RAW DATA
Content starts

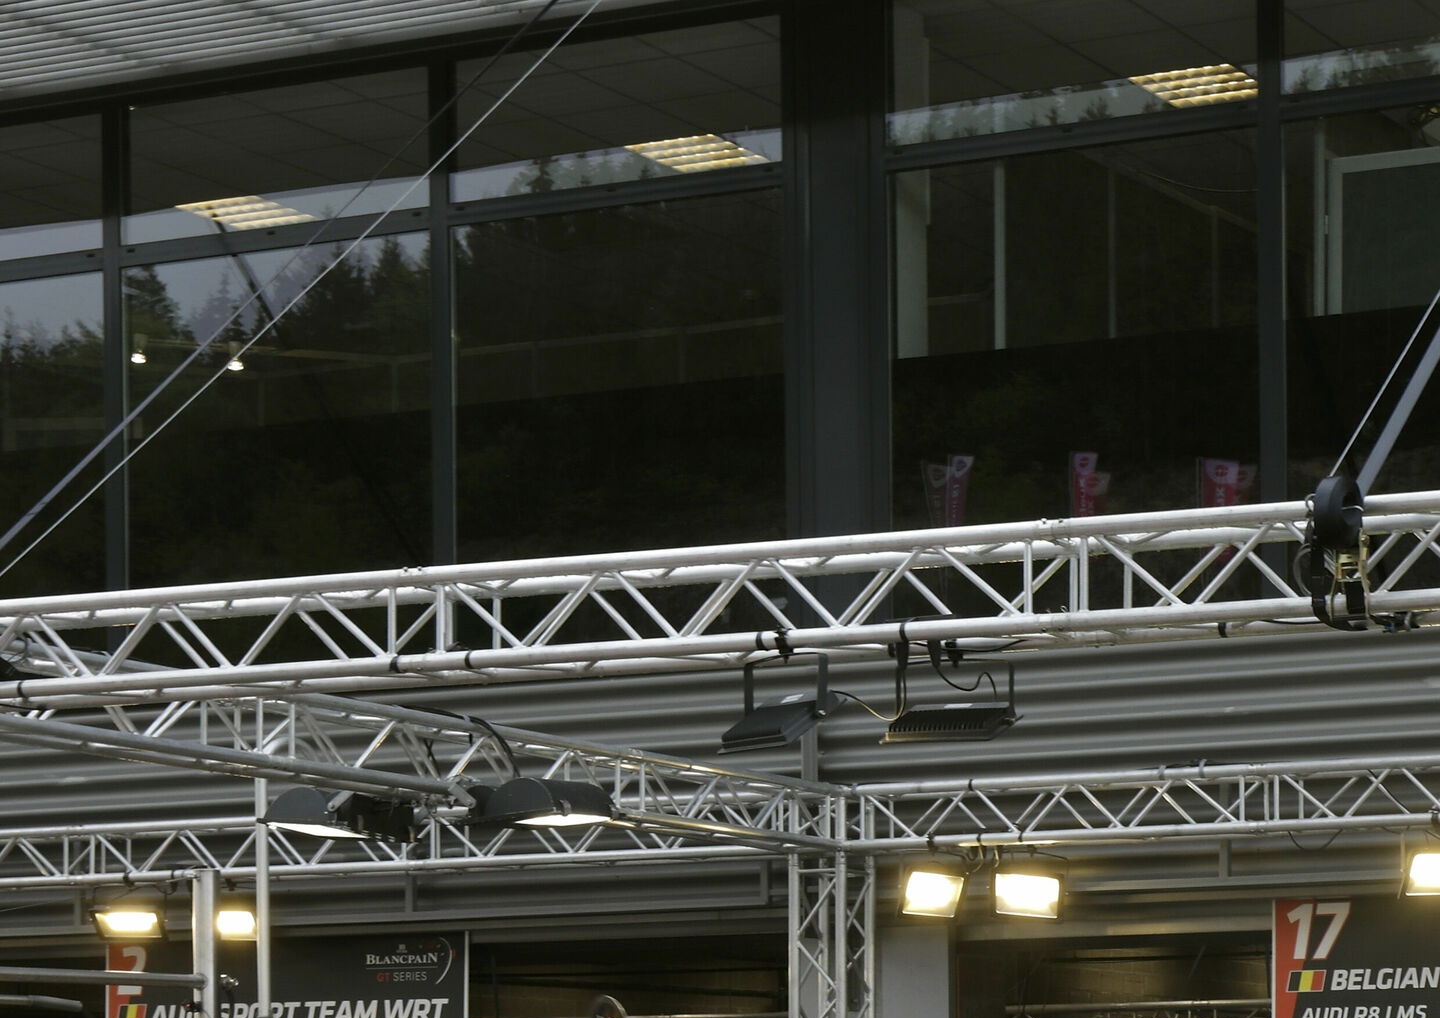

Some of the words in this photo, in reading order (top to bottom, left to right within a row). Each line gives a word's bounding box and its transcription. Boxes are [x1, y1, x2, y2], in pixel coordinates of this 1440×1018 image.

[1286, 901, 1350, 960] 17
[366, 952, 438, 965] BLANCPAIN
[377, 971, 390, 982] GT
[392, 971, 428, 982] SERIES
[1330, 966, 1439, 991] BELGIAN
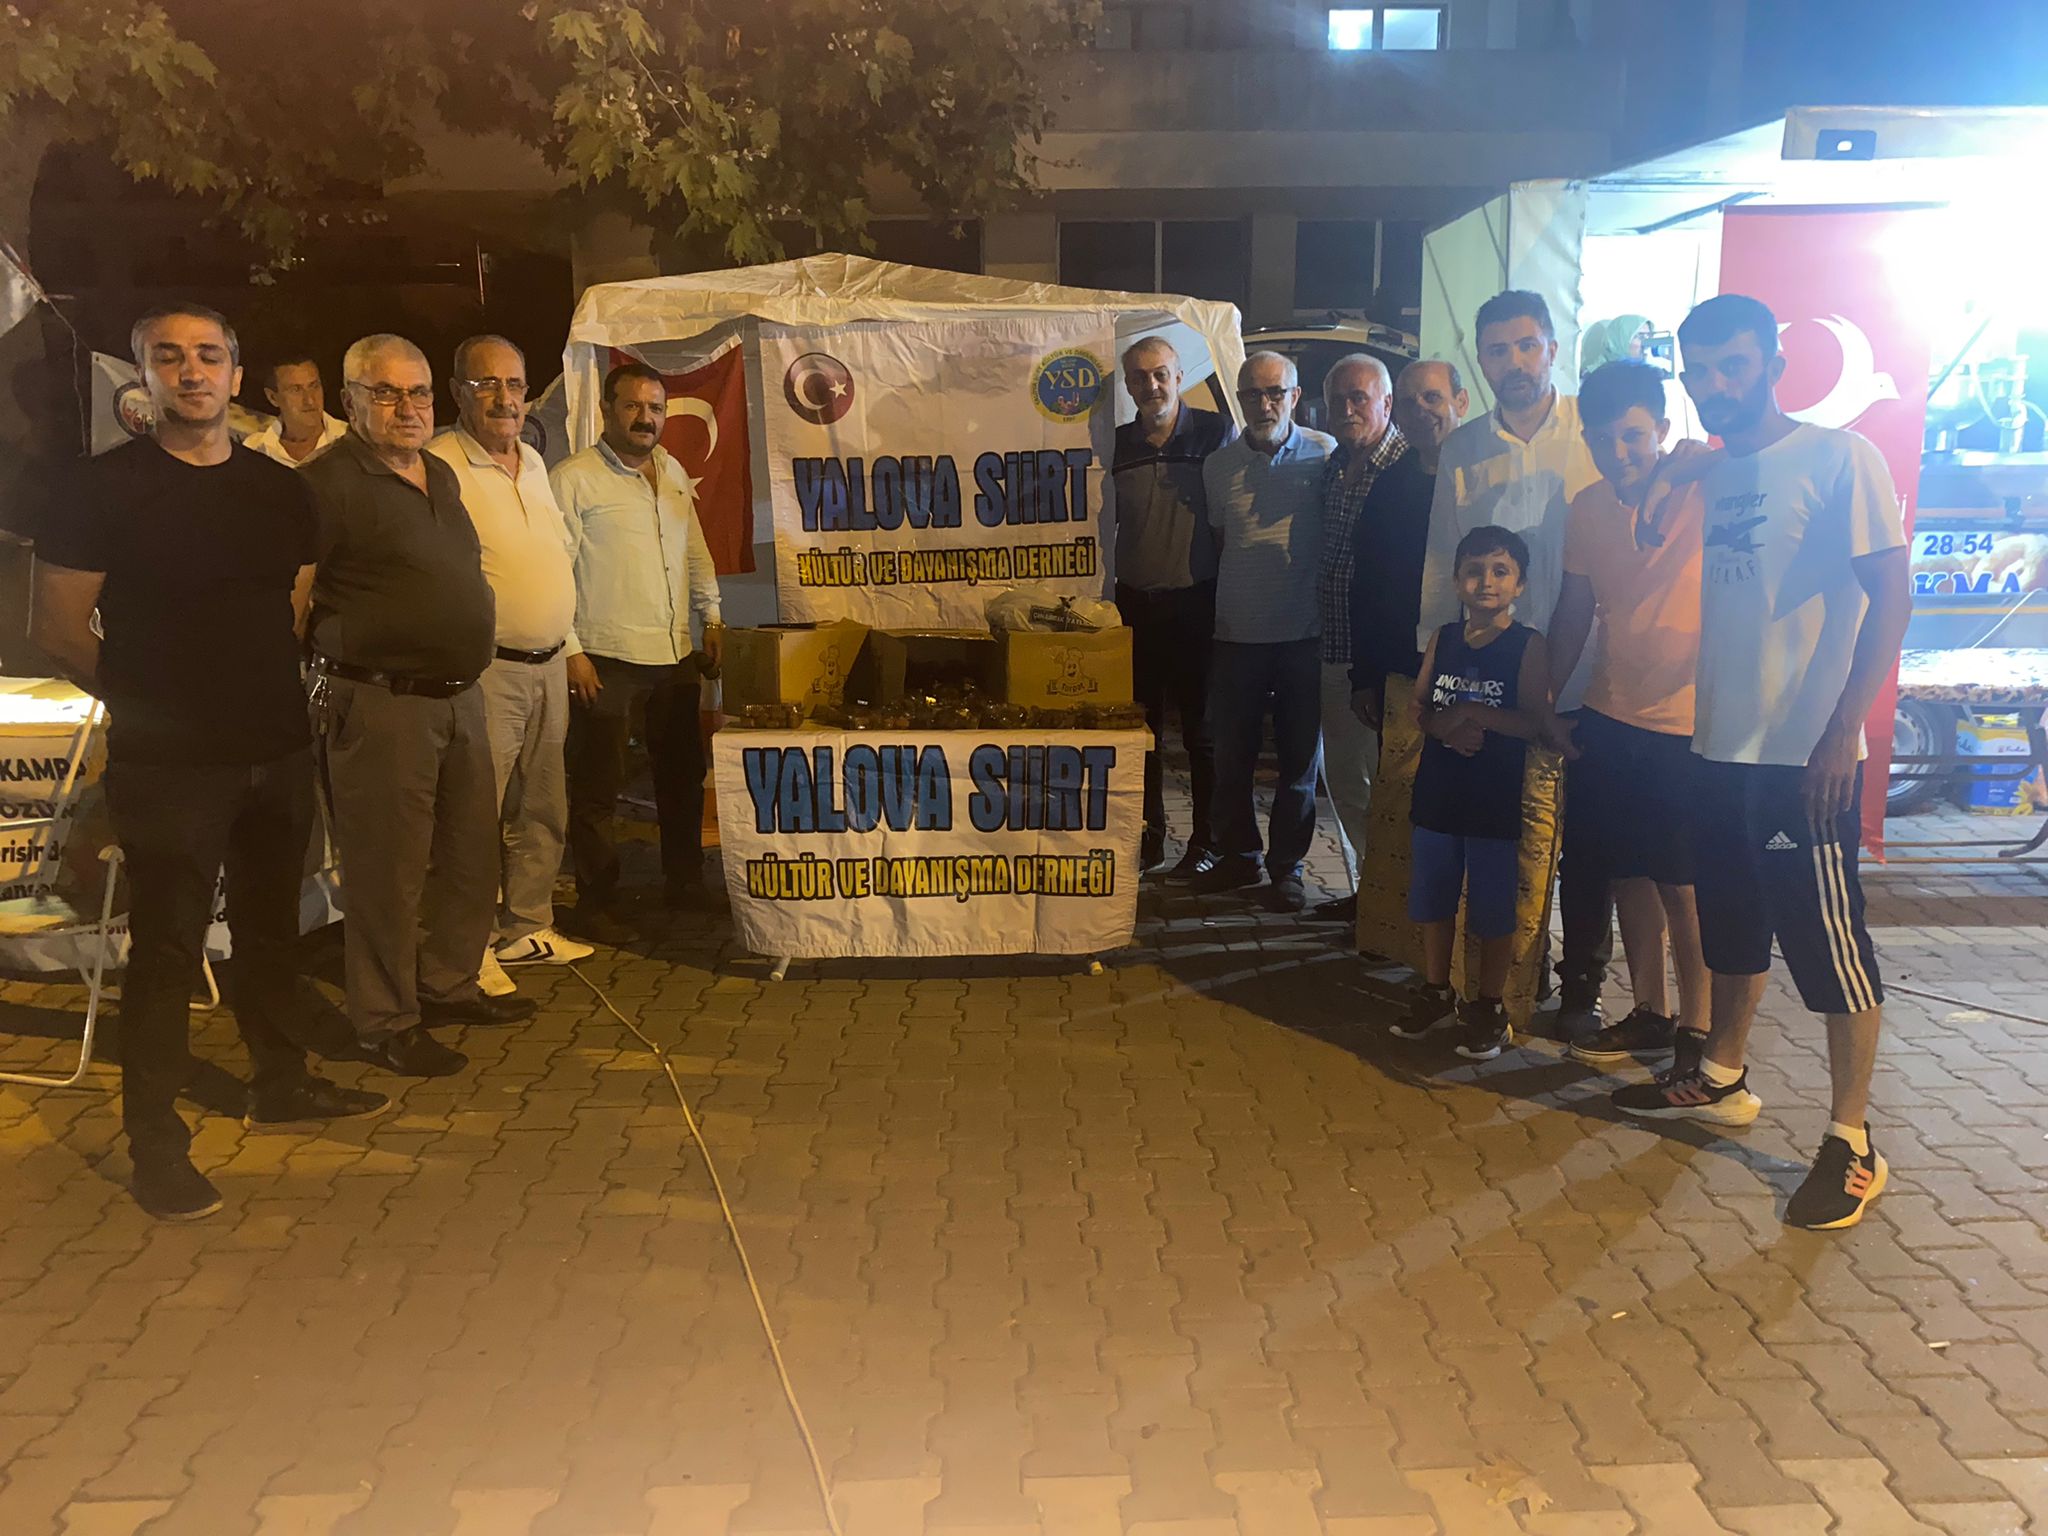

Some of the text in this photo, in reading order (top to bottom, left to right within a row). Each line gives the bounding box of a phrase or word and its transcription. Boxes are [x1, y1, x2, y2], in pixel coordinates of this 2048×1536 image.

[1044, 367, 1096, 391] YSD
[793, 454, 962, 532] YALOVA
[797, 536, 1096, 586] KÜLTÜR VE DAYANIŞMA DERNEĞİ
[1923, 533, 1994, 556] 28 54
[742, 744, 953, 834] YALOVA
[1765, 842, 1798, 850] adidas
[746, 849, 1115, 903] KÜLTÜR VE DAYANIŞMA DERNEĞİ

Content ends

ASSIGNED TASK
Dropping every picture, restate the material word for word.

RESULT
Some of the words in this photo, in reading order (top to bottom, left to right within a row). Each line gives a word's bounding box and its transcription. Boxes are [x1, y1, x2, y2], in pixel coordinates of this 1440×1018 image.

[1286, 901, 1350, 960] 17
[366, 952, 438, 965] BLANCPAIN
[377, 971, 390, 982] GT
[392, 971, 428, 982] SERIES
[1330, 966, 1439, 991] BELGIAN

Some of the text in this photo, in reading order (top to bottom, left to right within a row). Each line gives the bounding box of a phrase or word and its transcription. Boxes are [x1, y1, x2, y2], in pixel coordinates of this 2048×1536 image.

[1044, 367, 1096, 391] YSD
[793, 454, 962, 532] YALOVA
[797, 536, 1096, 586] KÜLTÜR VE DAYANIŞMA DERNEĞİ
[1923, 533, 1994, 556] 28 54
[742, 744, 953, 834] YALOVA
[1765, 842, 1798, 850] adidas
[746, 849, 1115, 903] KÜLTÜR VE DAYANIŞMA DERNEĞİ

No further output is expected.